(Note: This essay was largely written by Rob, based on notes from Nate. It’s formatted as Rob-paraphrasing-Nate because (a) Nate didn’t have time to rephrase everything into his own words, and (b) most of the impetus for this post came from Eliezer wanting MIRI to praise a recent OpenAI post and Rob wanting to share more MIRI-thoughts about the space of AGI organizations, so it felt a bit less like a Nate-post than usual.)
Nate and I have been happy about the AGI conversation seeming more honest and “real” recently. To contribute to that, I’ve collected some general Nate-thoughts in this post, even though they’re relatively informal and disorganized.
AGI development is a critically important topic, and the world should obviously be able to hash out such topics in conversation. (Even though it can feel weird or intimidating, and even though there’s inevitably some social weirdness in sometimes saying negative things about people you like and sometimes collaborate with.) My hope is that we'll be able to make faster and better progress if we move the conversational norms further toward candor and substantive discussion of disagreements, as opposed to saying everything behind a veil of collegial obscurity.

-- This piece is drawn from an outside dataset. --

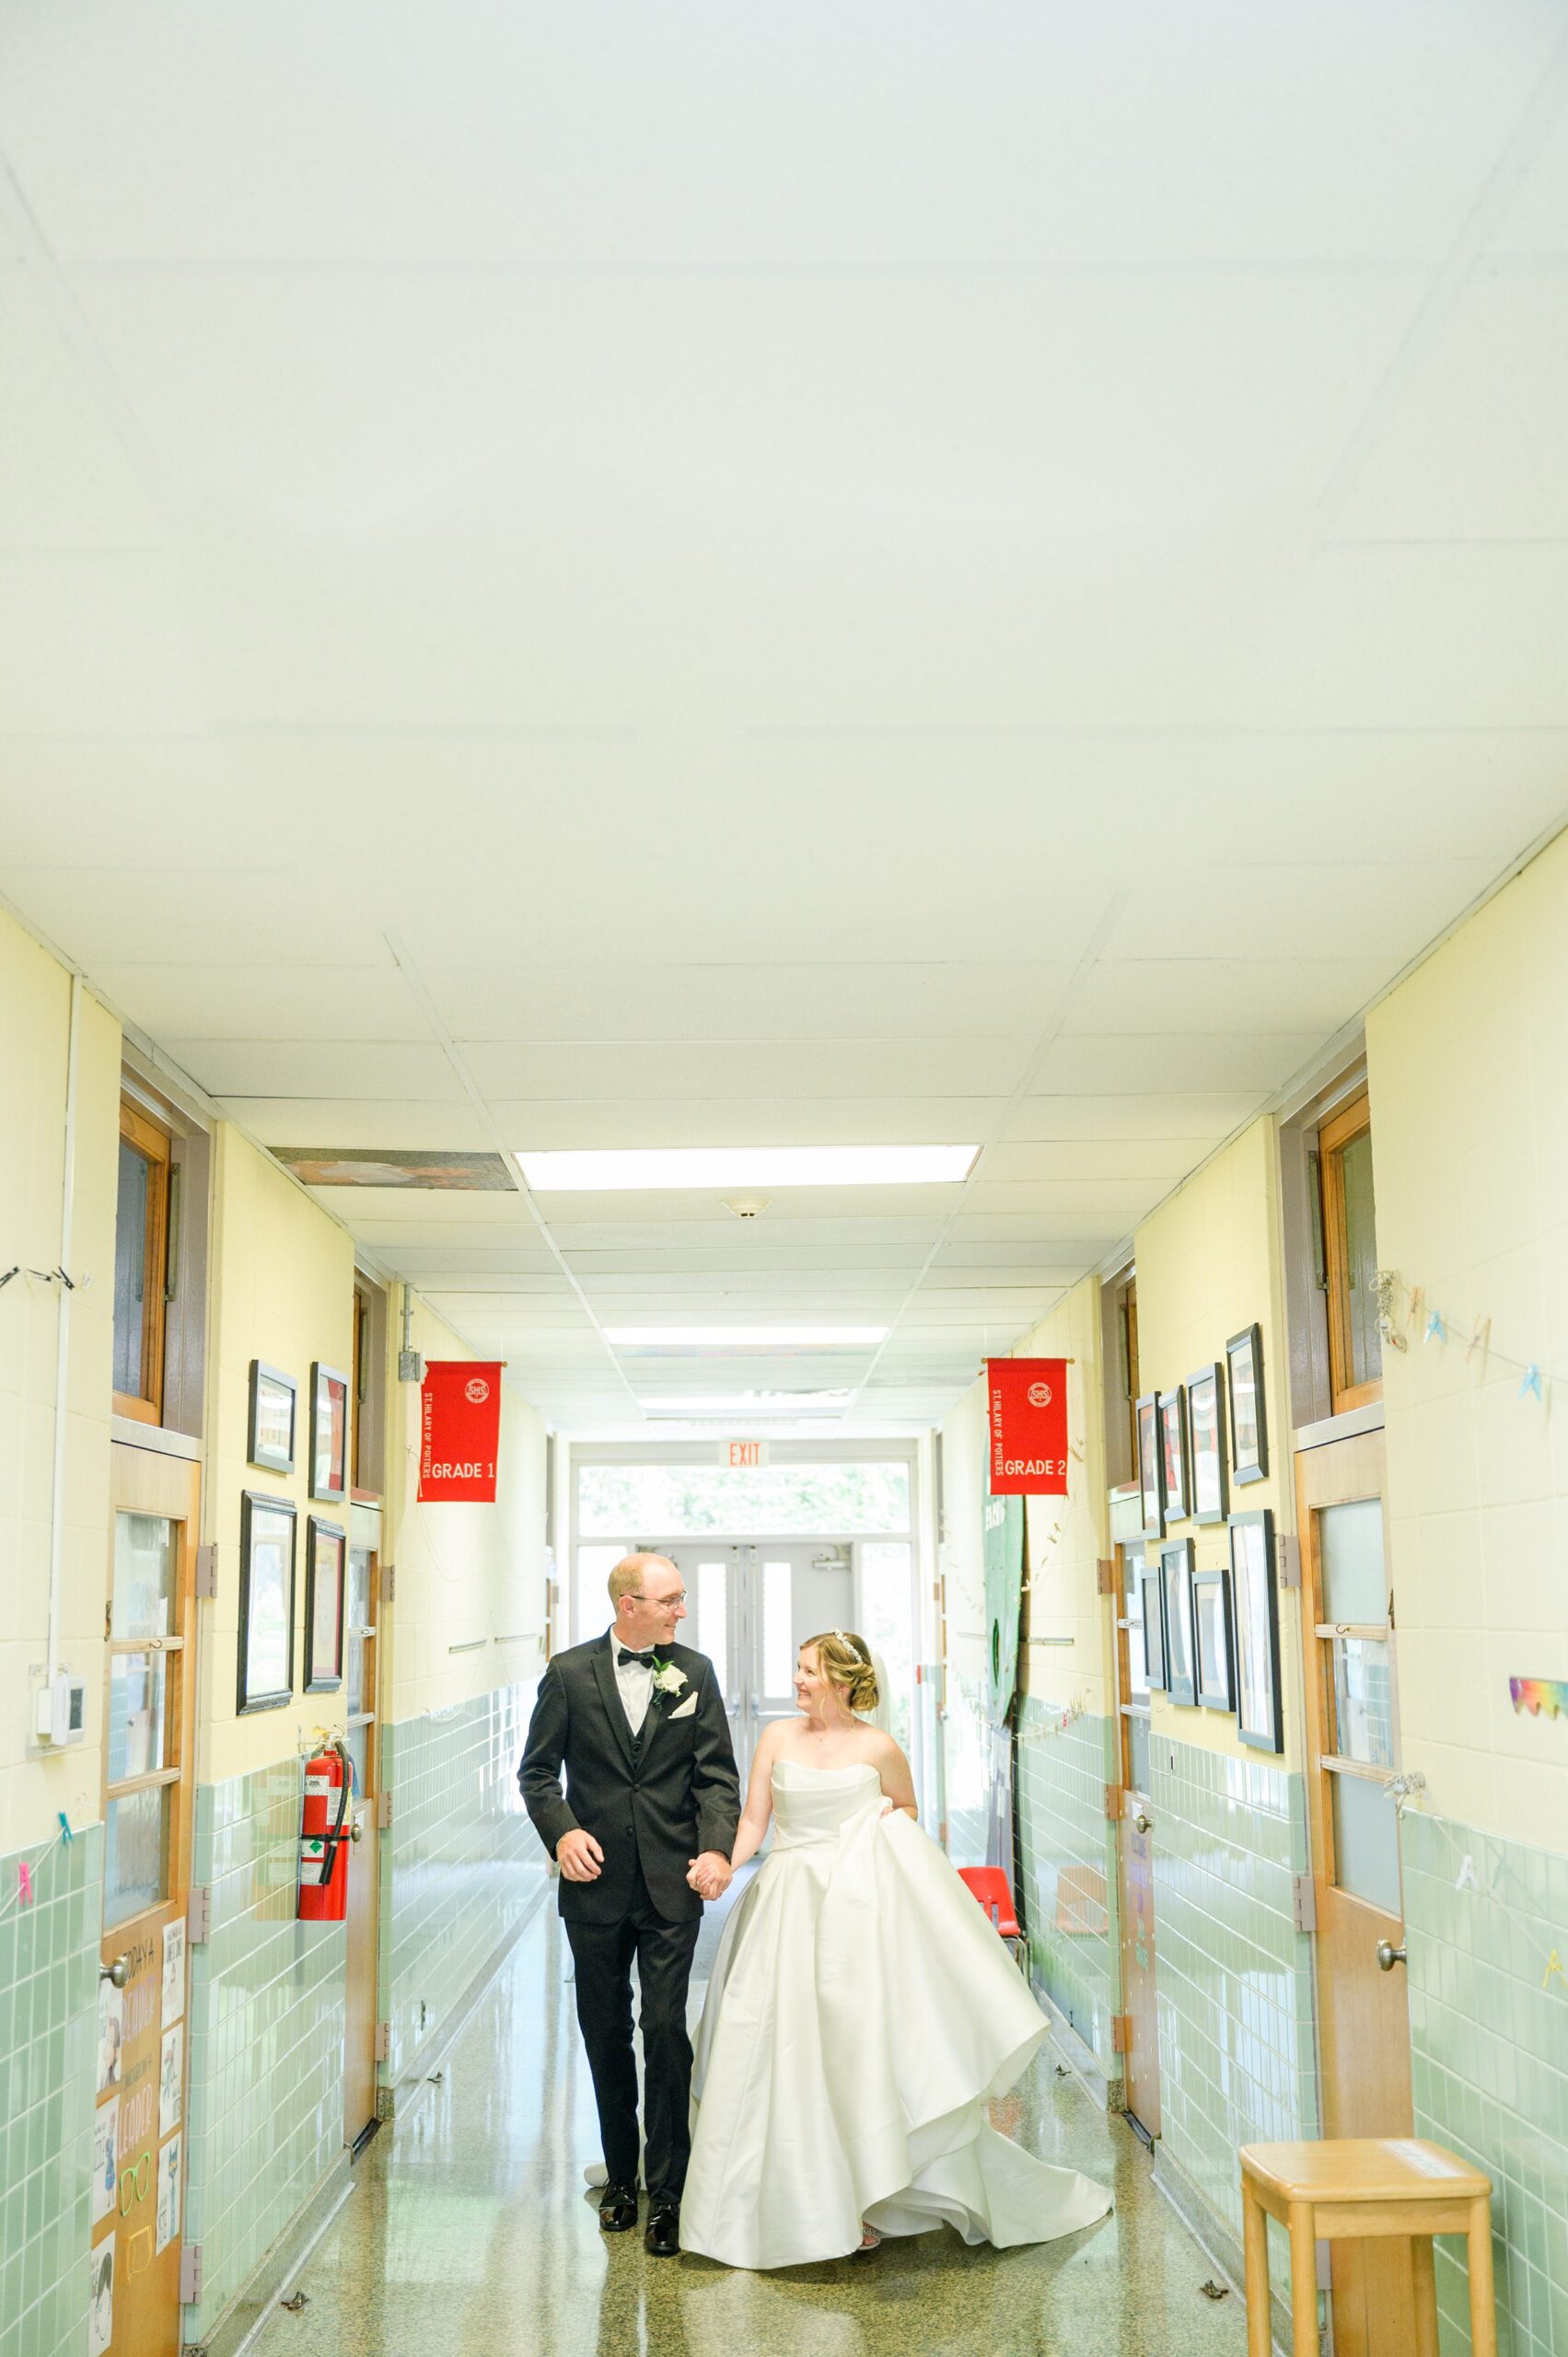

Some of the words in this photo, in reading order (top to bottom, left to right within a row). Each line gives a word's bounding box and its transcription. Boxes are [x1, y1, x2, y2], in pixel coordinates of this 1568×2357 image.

Capabilities work is currently a bad idea
Nate’s top-level view is that ideally, Earth should take a break on doing work that might move us closer to AGI, until we understand alignment better.
That move isn’t available to us, but individual researchers and organizations who choose not to burn the timeline are helping the world, even if other researchers and orgs don't reciprocate. You can unilaterally lengthen timelines, and give humanity more chances of success, by choosing not to personally shorten them.
Nate thinks capabilities work is currently a bad idea for a few reasons:
- He doesn’t buy that current capabilities work is a likely path to ultimately solving alignment.
- Insofar as current capabilities work does seem helpful for alignment, it strikes him as helping with parallelizable research goals, whereas our bottleneck is serial research goals. (See A note about differential technological development.)
- Nate doesn’t buy that we need more capabilities progress before we can start finding a better path.
This is not to say that capabilities work is never useful for alignment, or that alignment progress is never bottlenecked on capabilities progress. As an extreme example, having a working AGI on hand tomorrow would indeed make it easier to run experiments that teach us things about alignment! But in a world where we build AGI tomorrow, we're dead, because we won't have time to get a firm understanding of alignment before AGI technology proliferates and someone accidentally destroys the world. Capabilities progress can be useful in various ways, while still being harmful on net.
(Also, to be clear: AGI capabilities are obviously an essential part of humanity's long-term path to good outcomes, and it's important to develop them at some point — the sooner the better, once we're confident this will have good outcomes — and it would be catastrophically bad to delay realizing them forever.)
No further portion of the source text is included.